Ewing sarcoma is a highly aggressive malignant tumor that occurs in the bone or soft tissues and mainly affects children, adolescents, and young adults. It is driven by a fusion gene, most frequently EWS-FLI1, which epigenetically reprograms the cell at specific regions and creates a highly unique epigenetic signature. The strength of this signature varies between patients and is linked to clinical data. The primary tumor is frequently located in the bone, and thus biopsies are often invasive and cannot be performed every time the patient presents at the clinic. Liquid biopsies, the analysis of cell-free DNA (cfDNA) or RNA in body liquids such as blood, constitute a novel, promising way of obtaining higher-resolution data and can thus allow for early detection of relapse and treatment response. Previous studies of liquid biopsies of Ewing sarcoma patients have focused on the detection of the fusion gene. This allows for the quantification of tumor content, but does not inform about tumor heterogeneity, an emerging theme whose importance is being increasingly recognized in the field.

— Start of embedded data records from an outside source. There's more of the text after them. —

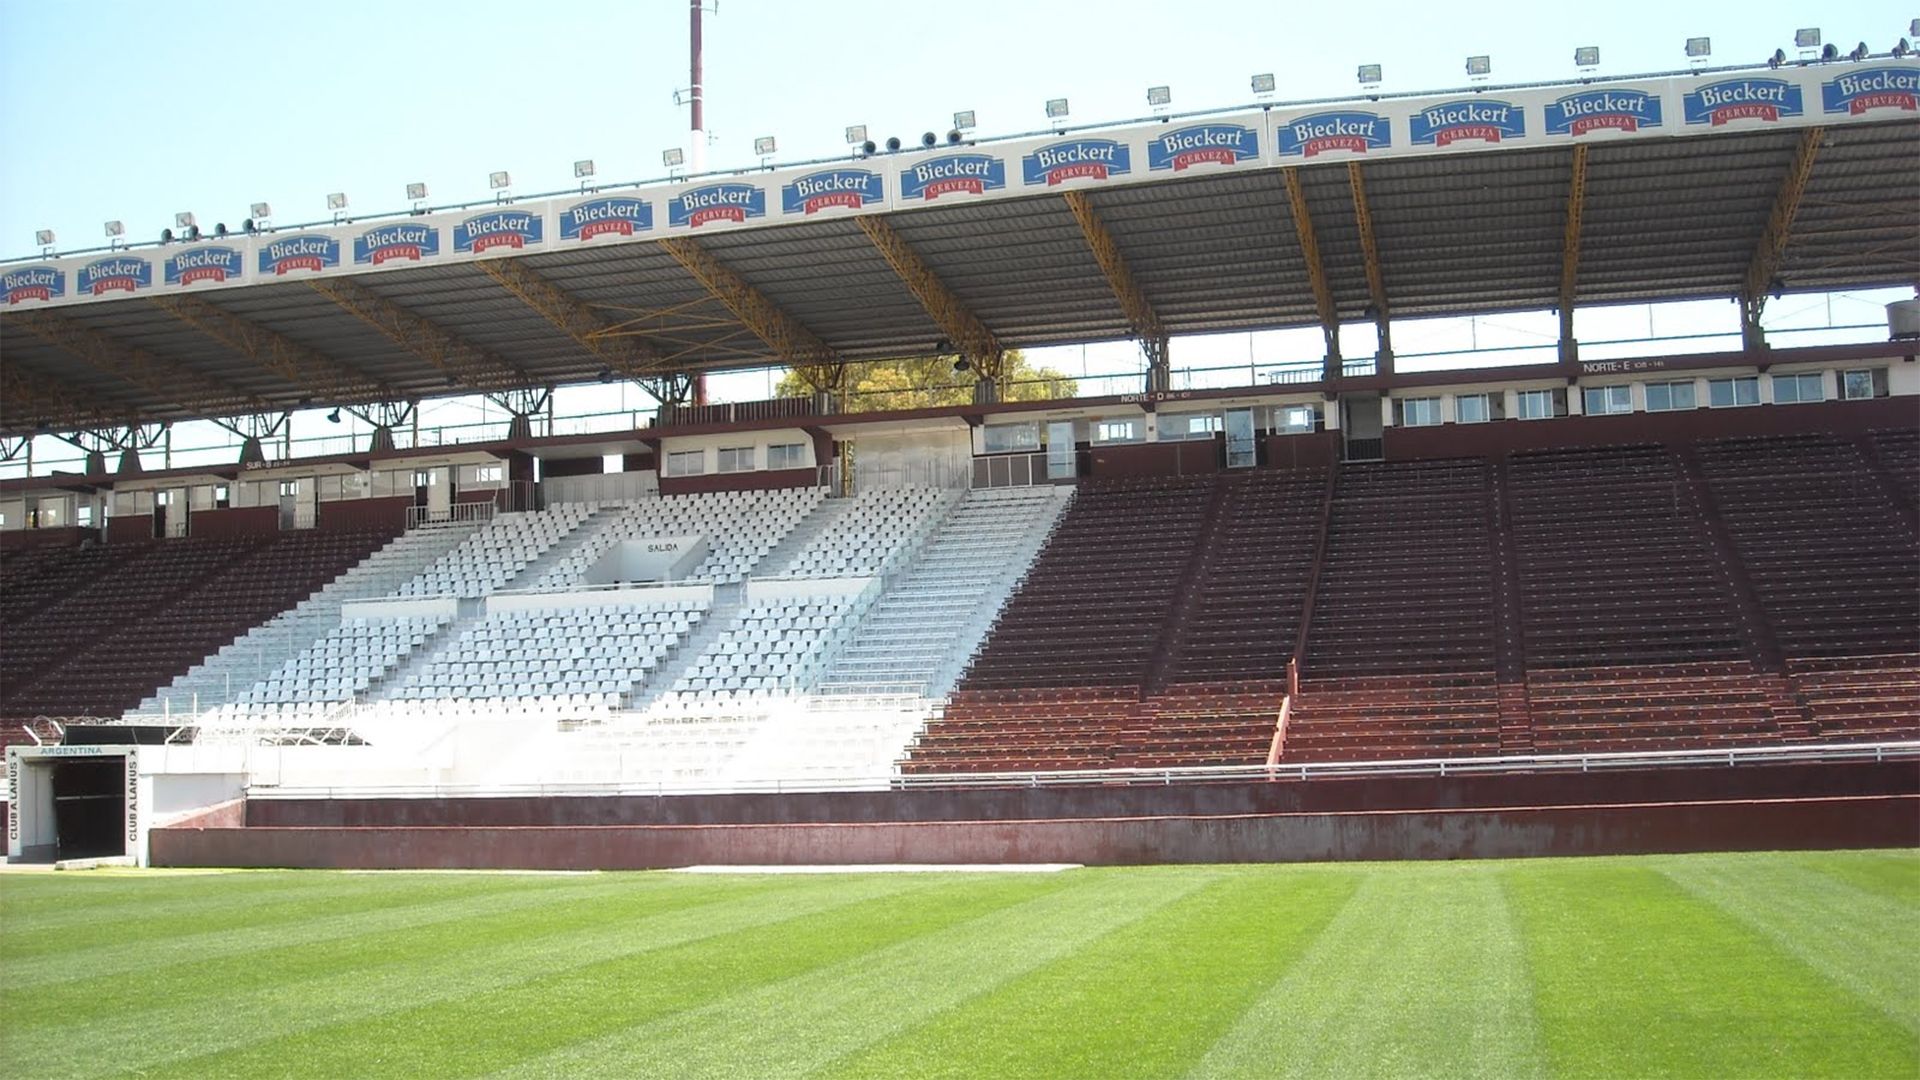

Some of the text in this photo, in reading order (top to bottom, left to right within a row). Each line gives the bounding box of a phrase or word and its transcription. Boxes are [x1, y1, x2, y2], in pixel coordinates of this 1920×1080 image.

[1700, 82, 1786, 107] Bieckert
[1856, 96, 1911, 108] CERVEZA
[1561, 94, 1645, 118] Bieckert
[1717, 106, 1771, 119] CERVEZA
[1426, 104, 1509, 128] Bieckert
[1577, 117, 1630, 130] CERVEZA
[1294, 118, 1375, 142] Bieckert
[1442, 127, 1494, 140] CERVEZA
[1164, 129, 1242, 153] Bieckert
[1309, 138, 1361, 151] CERVEZA
[1038, 143, 1114, 168] Bieckert
[1179, 151, 1230, 165] CERVEZA
[915, 158, 990, 182] Bieckert
[1052, 166, 1101, 180] CERVEZA
[797, 173, 868, 197] Bieckert
[930, 180, 978, 194] CERVEZA
[683, 188, 751, 211] Bieckert
[810, 195, 856, 208] CERVEZA
[573, 202, 639, 224] Bieckert
[695, 209, 740, 222] CERVEZA
[466, 216, 531, 237] Bieckert
[585, 222, 628, 235] CERVEZA
[366, 229, 427, 249] Bieckert
[477, 236, 519, 248] CERVEZA
[271, 239, 328, 260] Bieckert
[377, 248, 417, 260] CERVEZA
[176, 251, 231, 271] Bieckert
[280, 258, 319, 270] CERVEZA
[88, 261, 142, 280] Bieckert
[185, 270, 222, 281] CERVEZA
[5, 271, 55, 289] Bieckert
[97, 279, 133, 291] CERVEZA
[13, 288, 46, 300] CERVEZA
[648, 543, 678, 552] SALIDA
[41, 747, 103, 755] ARGENTINA
[10, 762, 18, 800] LANUS
[129, 761, 137, 800] LANUS
[10, 812, 18, 840] CLUB
[129, 813, 137, 842] CLUB

In the present study, I utilized the recently established property of cfDNA as a nucleosome footprint to show, for the first time, that the characteristic epigenetic signature of Ewing sarcoma, previously reported for cell lines and tumor tissue, can be recapitulated in whole-genome sequencing data of liquid biopsy samples. I further show that the signal, a drop in coverage around Ewing-sarcoma-specific DNaseI hypersensitivity sites (EsDHSs), is confounded by biasing factors (GC content, mappability, and di- and trinucleotide frequencies). I developed a tool, LIQUORICE, that takes the particularities of cfDNA data into account and corrects for these biases. After bias correction and quantification of the signal, 26 out of 27 samples with non-zero tumor content estimations had signal intensities outside the range of controls. Signal intensities generally correlated with tumor content estimations, but varied markedly between some samples with similar tumor content. Further studies will show how much of this variation in signal strength is attributable to the underlying tumor heterogeneity, i.e., different signature strengths in the tumor. Eventually, the bias-corrected coverage around EsDHSs could serve as a biomarker for tumor presence and could inform about heterogeneity, delivering clinically and scientifically relevant information from a simple blood draw.